Graver kept his eyes on the front window, watched Drum Bennett limp past in more of a hurry than he should be, followed by the judge and Harney Rivers. Now what were they at? As he considered the possibilities, he noted that dust coated several tables along with the corners of the room, where the mop pushed the dark, greasy dirt. Not enough business these days with the stock market up and down. Took longer for things to recover out here. Folks couldn't afford to spend their dimes and dollars on extras like a meal or even
a cup of coffee they didn't prepare themselves, especially during the fair and rodeo. That brought him back to Dulcinea and the ranch. He'd shouldered the burden of running the place, but how the hell was he supposed to do that with no money? He glanced at Dulcinea, who watched him with a slight smile on her face, and he felt the heat rise up his chest.

“I'm better now,” she said.

He considered his next words, then decided to go for broke. “I was thinking we might could go to the festivities. Rodeo starting soon.” He cleared his throat and straightened his shoulders. “I gave the men the day off. They're wanting to rodeo and, well, it sort of makes up for our being late with their wages.” He paused and stared into the cold tea, the film forming in the cup he held between both hands.

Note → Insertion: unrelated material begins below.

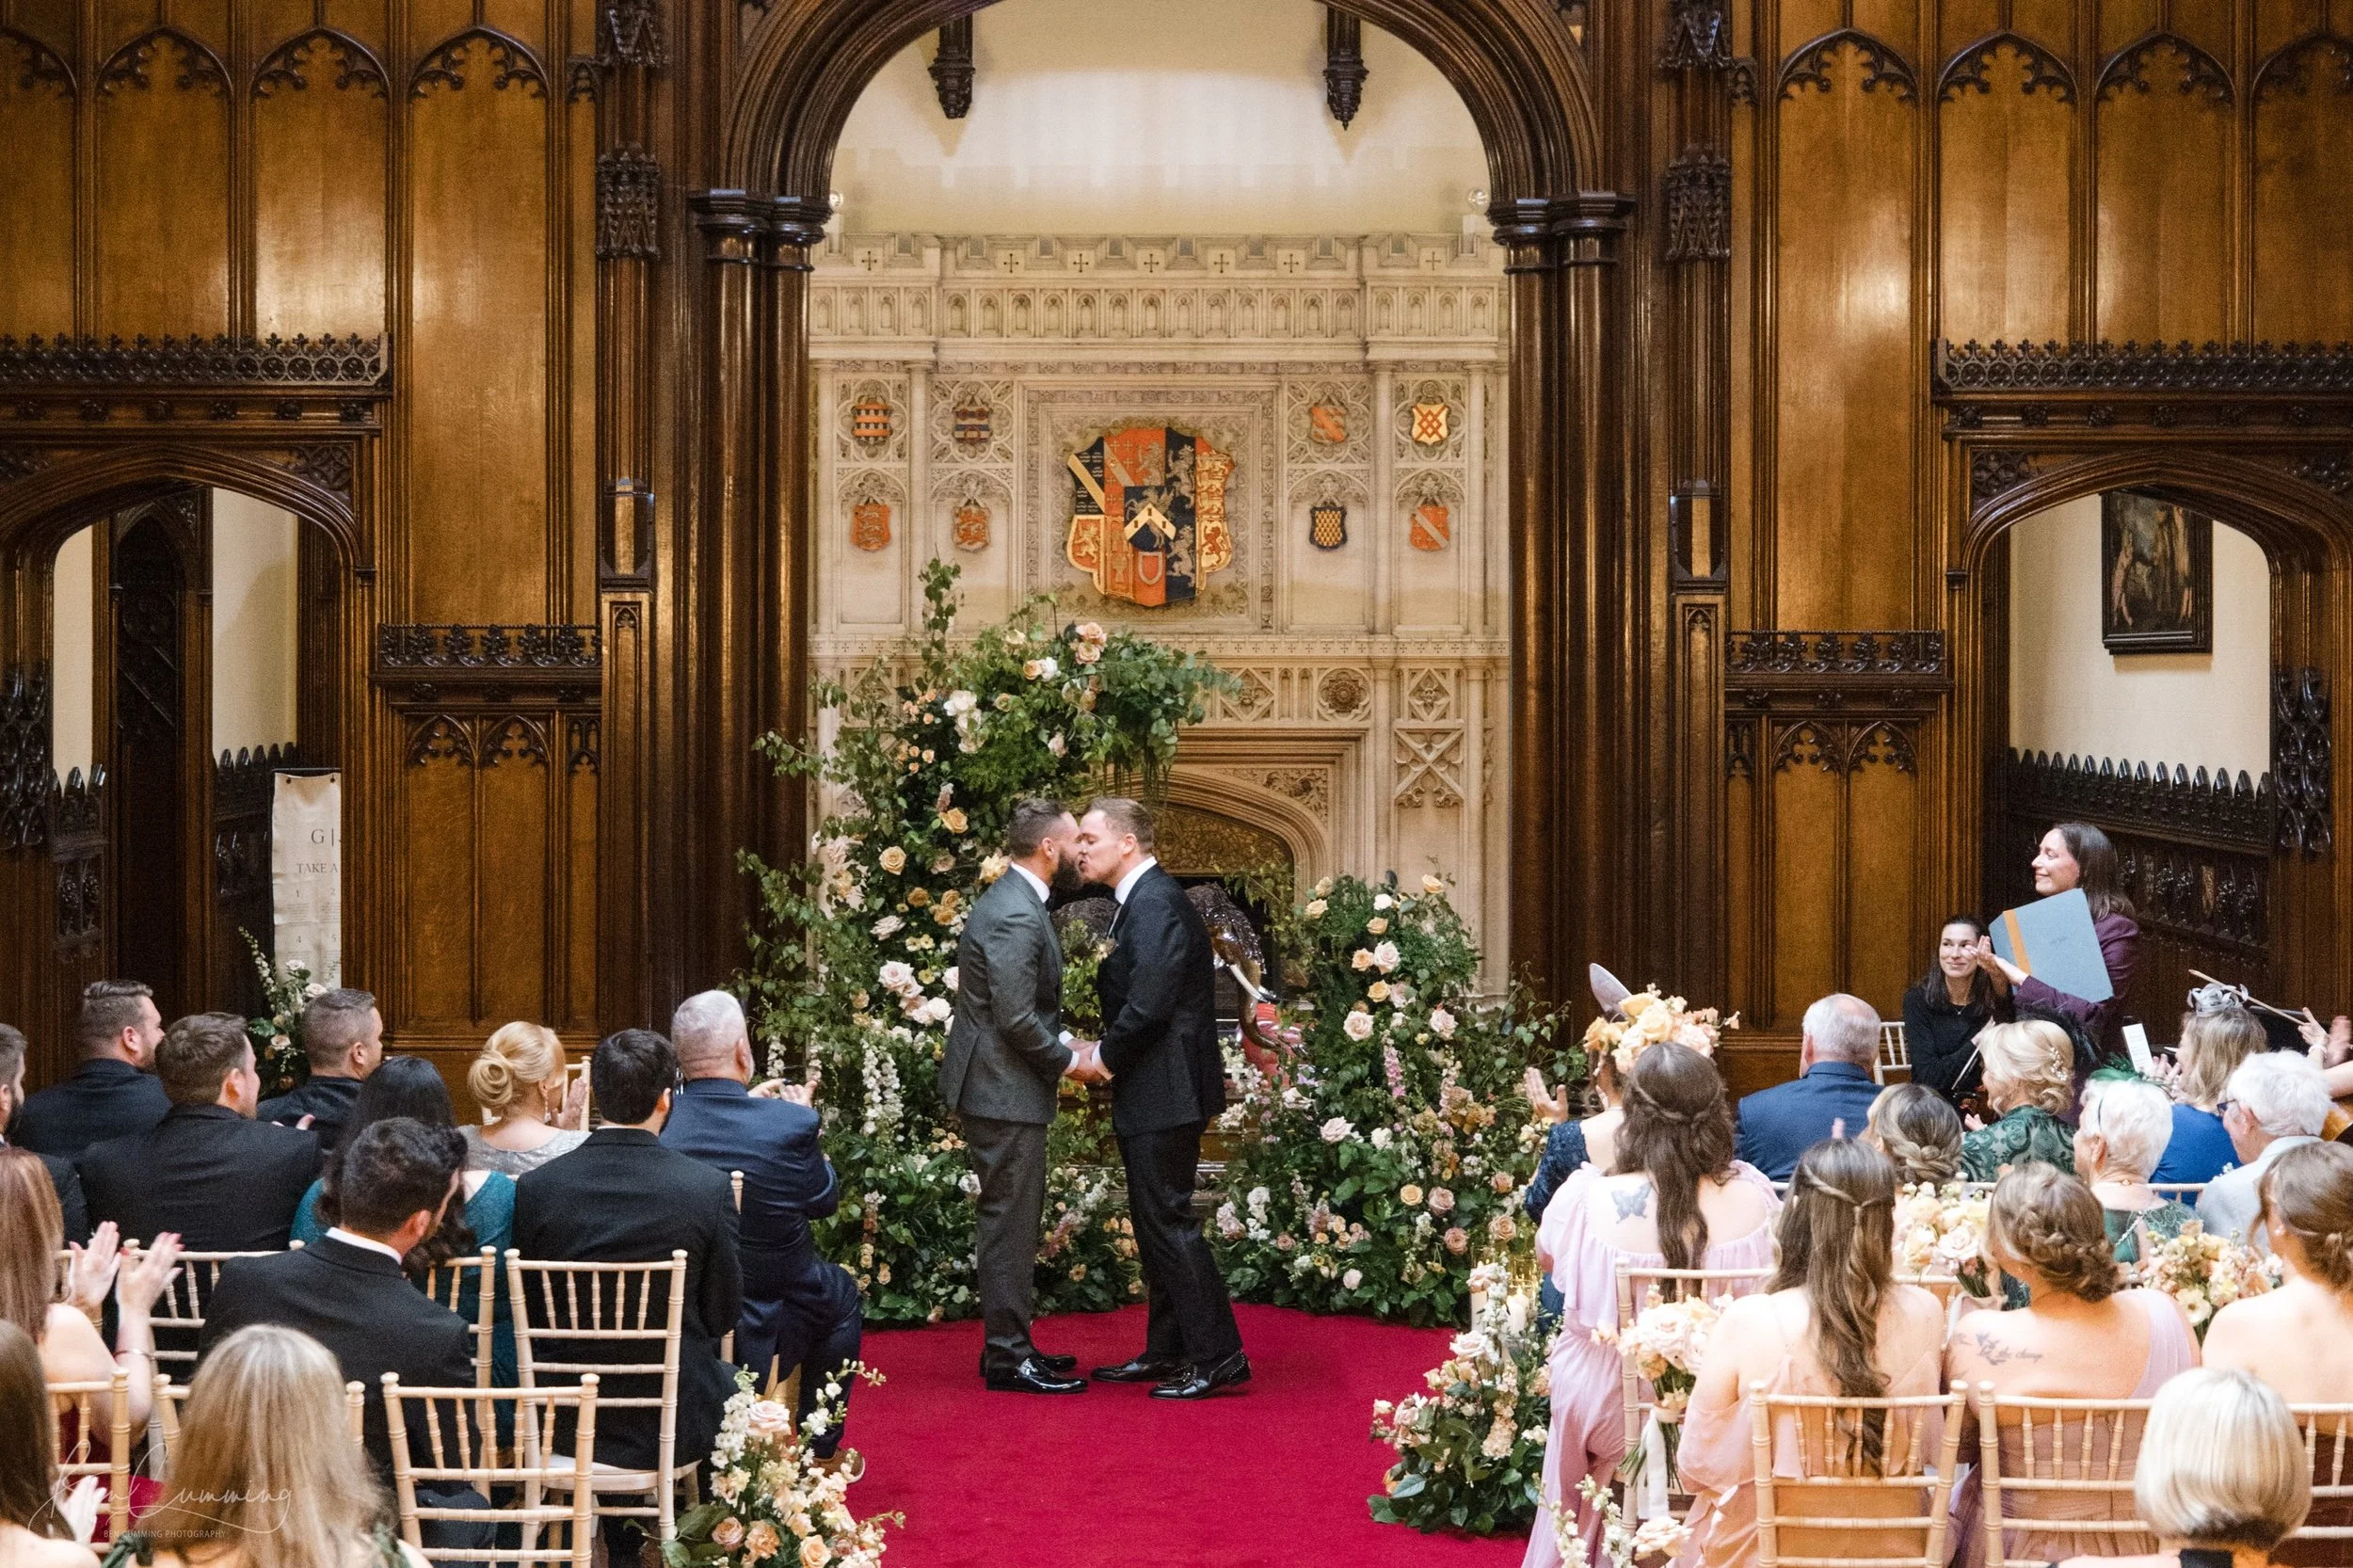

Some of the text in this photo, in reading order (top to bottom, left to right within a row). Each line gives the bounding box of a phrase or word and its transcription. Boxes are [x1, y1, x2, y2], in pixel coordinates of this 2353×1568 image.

He'd paid their entry fees with the very last of his money but didn't tell her that.

“They're wanting to know about entering the horse race. They won't go through with it if, if it seems wrong to you.” He watched her carefully as she pressed a trembling hand to her forehead.

She poured herself a cup of tea from the flowered pot in front of them. After a sip, she shook her head and pushed her tongue between her teeth as if to dislodge the taste.

“What does Hayward want to do?” she asked, listless.

Graver raised his brows, glanced out the window, and caught sight of Rose carrying Mrs. Bennett's satchel, followed at some distance by Percival Chance.

He shrugged. “Far as I know, he's entered. Don't know what he intends to ride, he and his brother—” There, he'd done it. He swallowed and picked up his cup and put it down again.

As if she'd been waiting for the words, she immediately announced, “He will ride my stallion.” Her face hardened with decision.

Graver shook his head. “No, ma'am.”

She tried to stiffen, and couldn't. Graver hated seeing her this way.

“He's at the livery stable.” She gathered her string bag and prepared to rise. He put a hand on her arm. She looked down at it, and her expression softened.

He stumbled on the words. “If I may, I might could accompany you to the rodeo, Mrs. Bennett.” He felt his face redden and tried to steady his hand, but something about her made him jumpy as a green colt.

She stared at him a moment. “Of course.”

He removed his hand and picked up his hat. “I took the liberty of asking Rose to bring you more suitable clothes.” He glanced at her dress. She always appeared so darn, what, he didn't know, but he liked it. He chastised himself, the woman was in mourning.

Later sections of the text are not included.